● **Extracted information**:
- - -

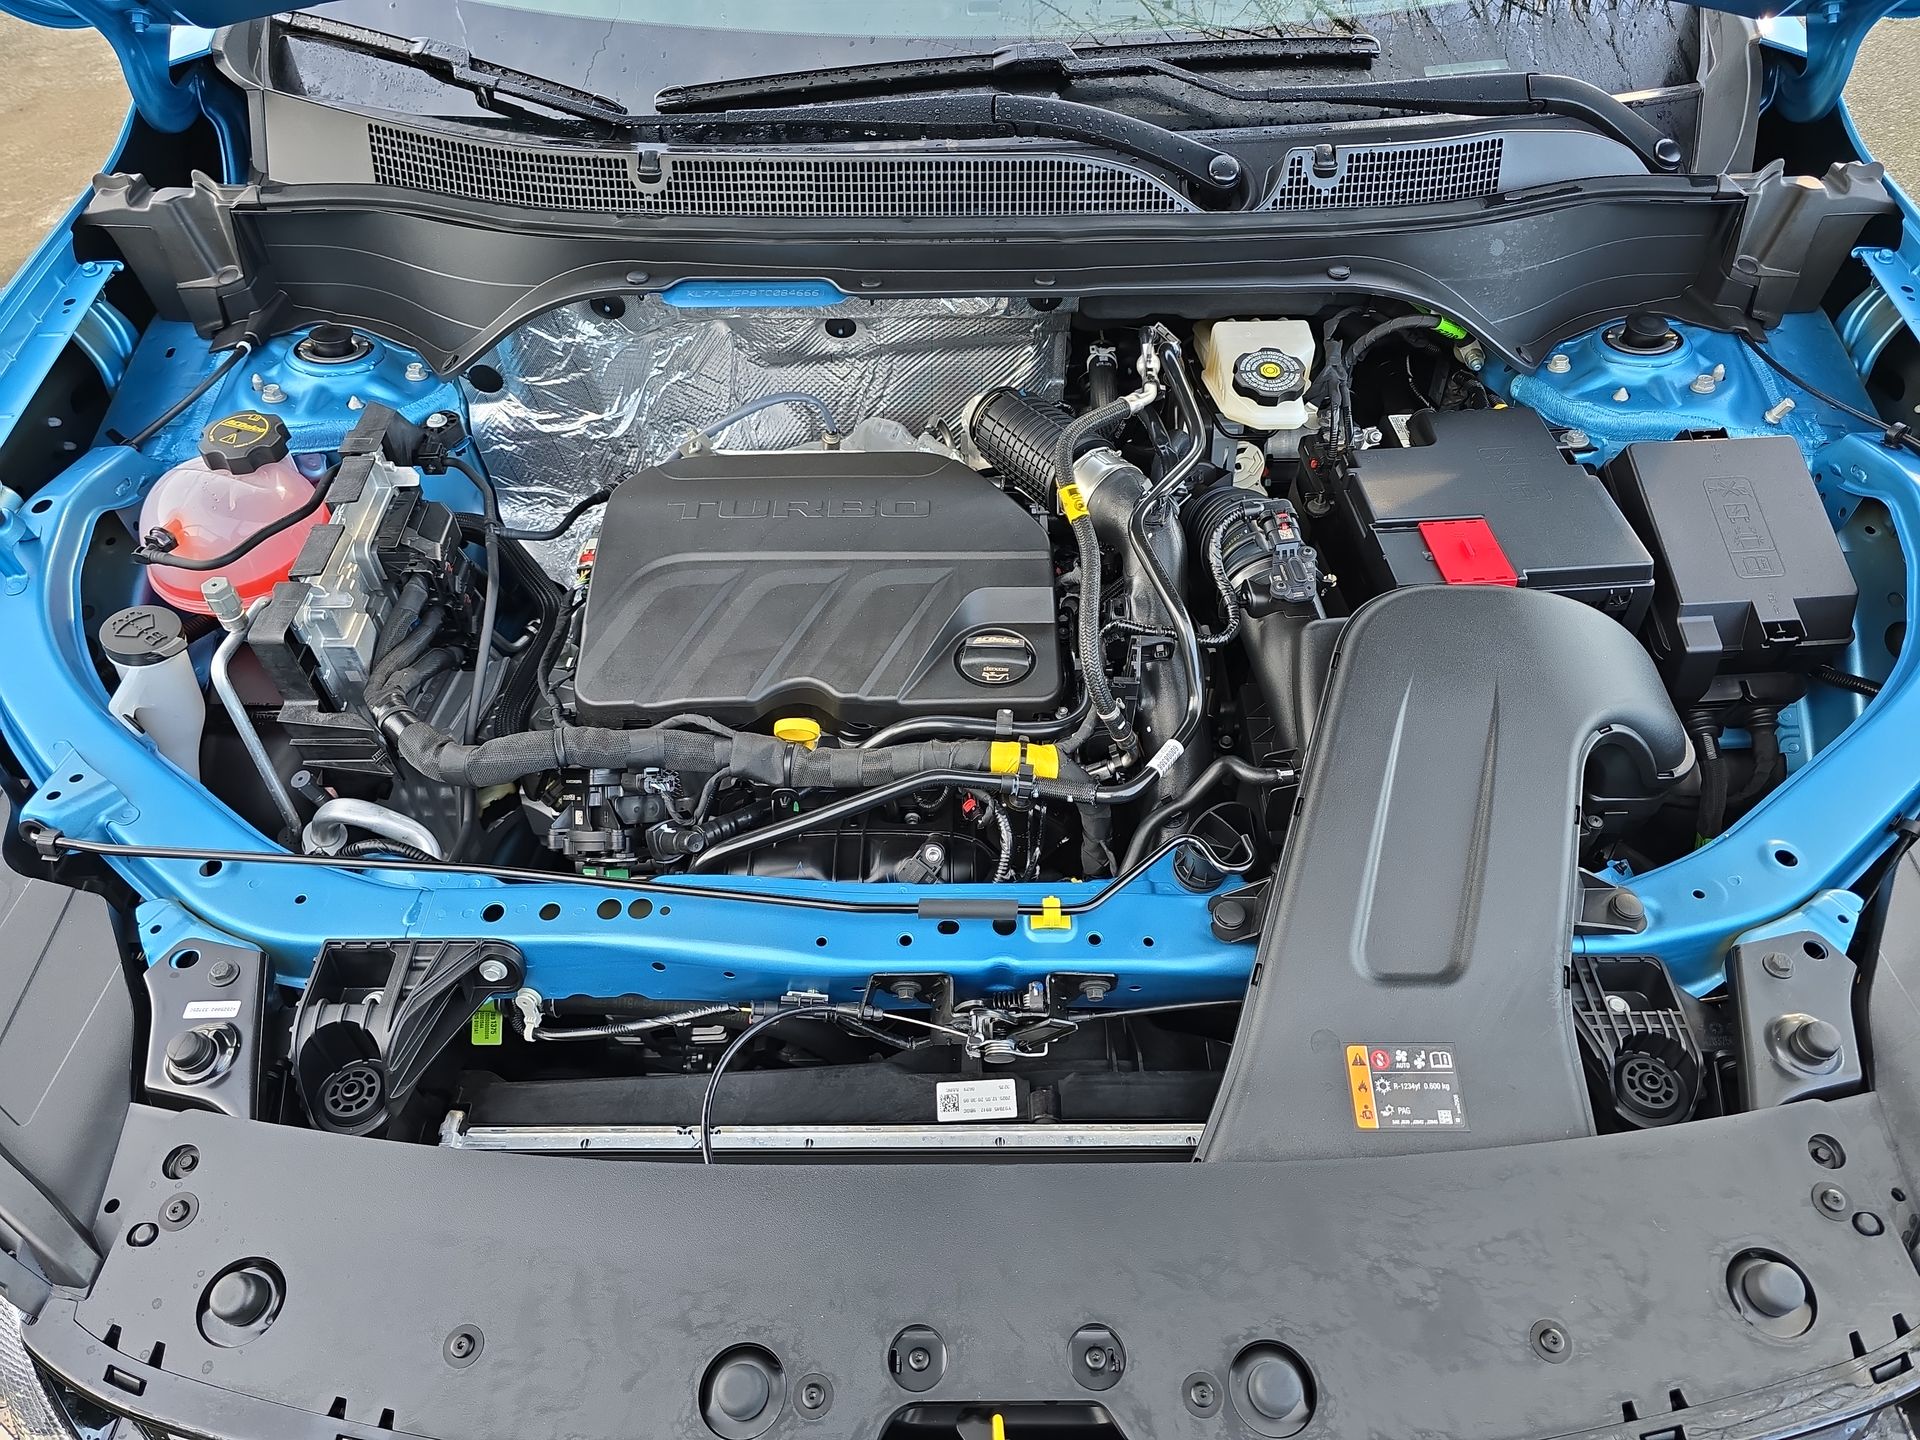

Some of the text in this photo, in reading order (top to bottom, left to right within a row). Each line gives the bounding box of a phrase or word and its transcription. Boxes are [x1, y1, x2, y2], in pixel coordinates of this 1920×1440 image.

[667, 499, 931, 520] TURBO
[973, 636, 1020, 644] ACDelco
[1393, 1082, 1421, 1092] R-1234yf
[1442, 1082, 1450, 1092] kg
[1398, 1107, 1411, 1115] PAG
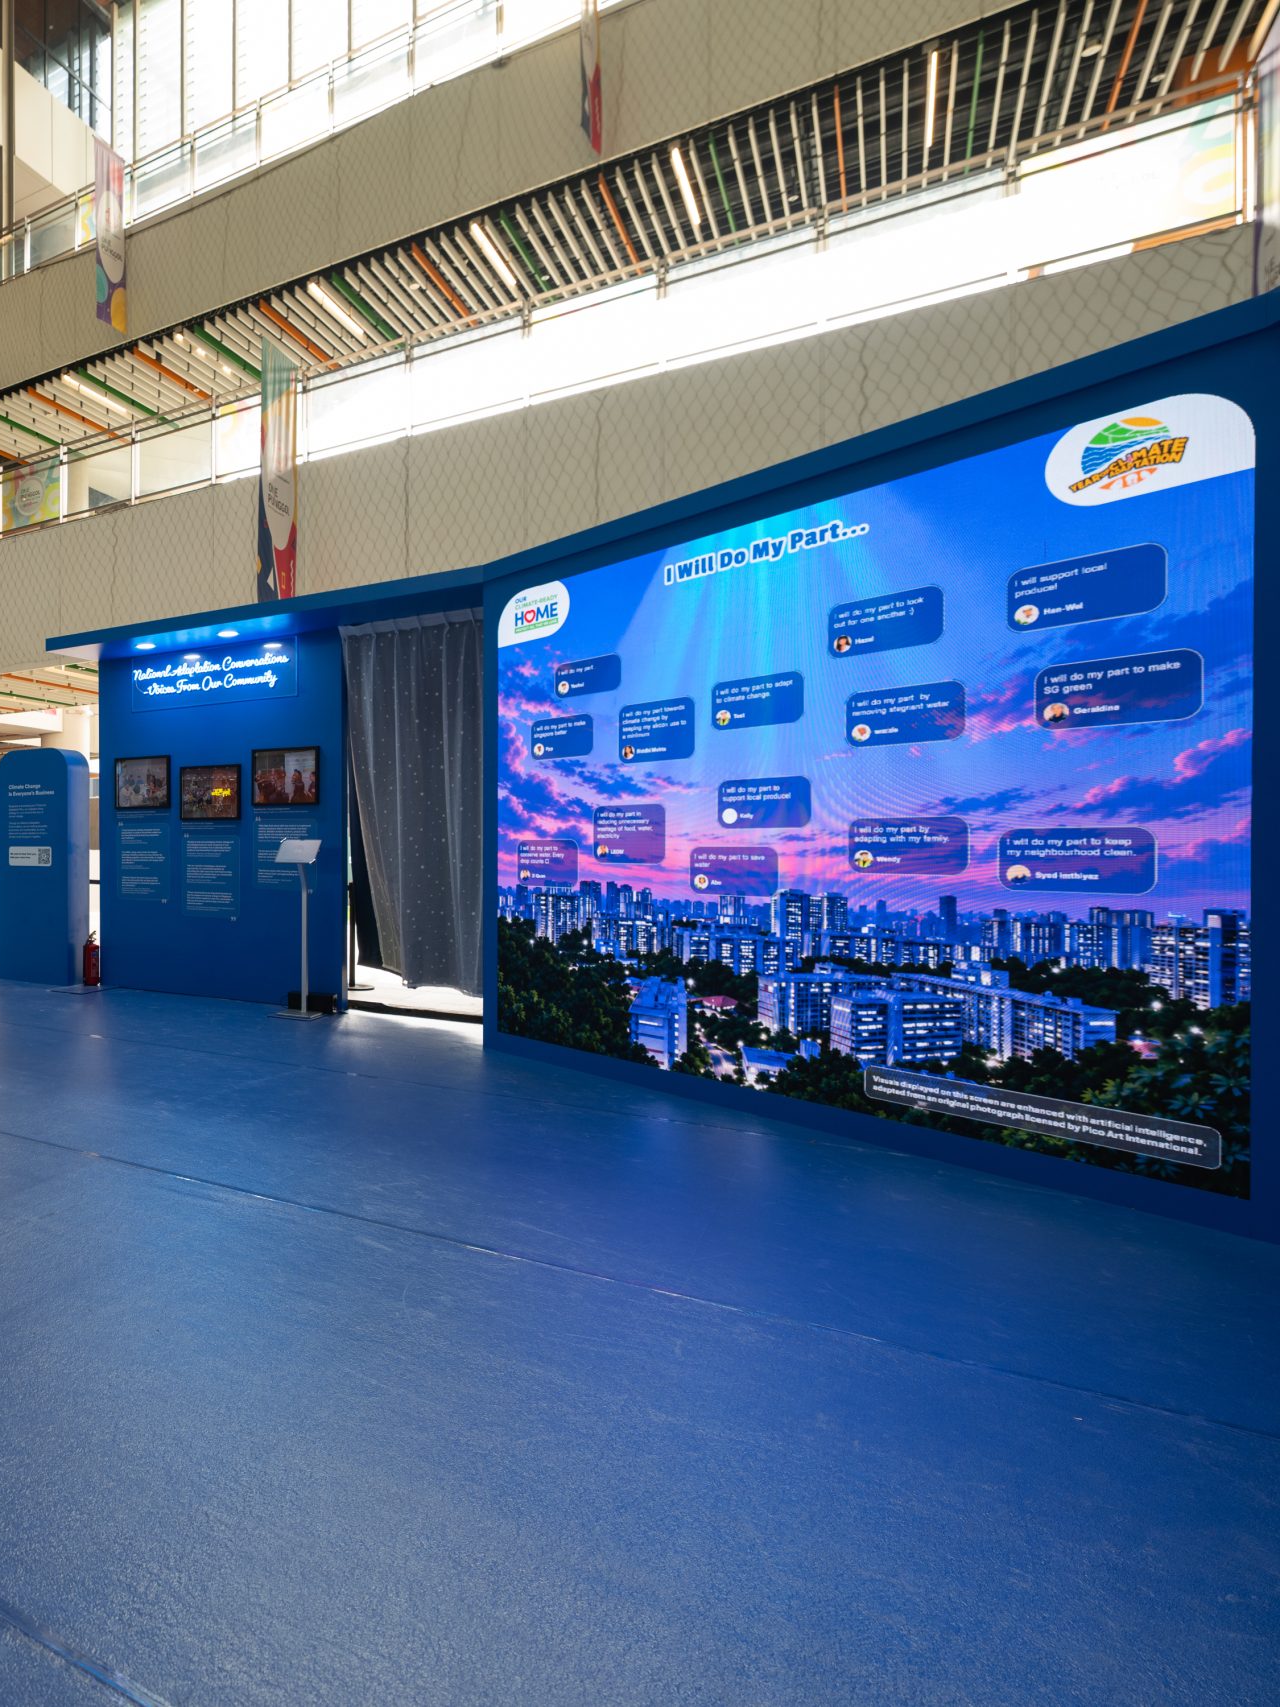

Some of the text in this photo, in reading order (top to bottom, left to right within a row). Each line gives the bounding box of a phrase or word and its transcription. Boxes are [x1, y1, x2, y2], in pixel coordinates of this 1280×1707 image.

- - -

● **Exercise goal**: When you copy the entries above, reproduce each line exactly and leave out any pictures.

● **Response to this task**:
Some of the text in this photo, in reading order (top to bottom, left to right within a row). Each line gives the bounding box of a phrase or word and its transcription. Boxes are [x1, y1, x2, y2], in pixel coordinates of this 1920×1440 image.

[667, 499, 931, 520] TURBO
[973, 636, 1020, 644] ACDelco
[1393, 1082, 1421, 1092] R-1234yf
[1442, 1082, 1450, 1092] kg
[1398, 1107, 1411, 1115] PAG

Some of the text in this photo, in reading order (top to bottom, left to right within a row). Each line gives the bounding box of a phrase or word and its transcription. Boxes are [x1, y1, x2, y2], in pixel coordinates of this 1280×1707 image.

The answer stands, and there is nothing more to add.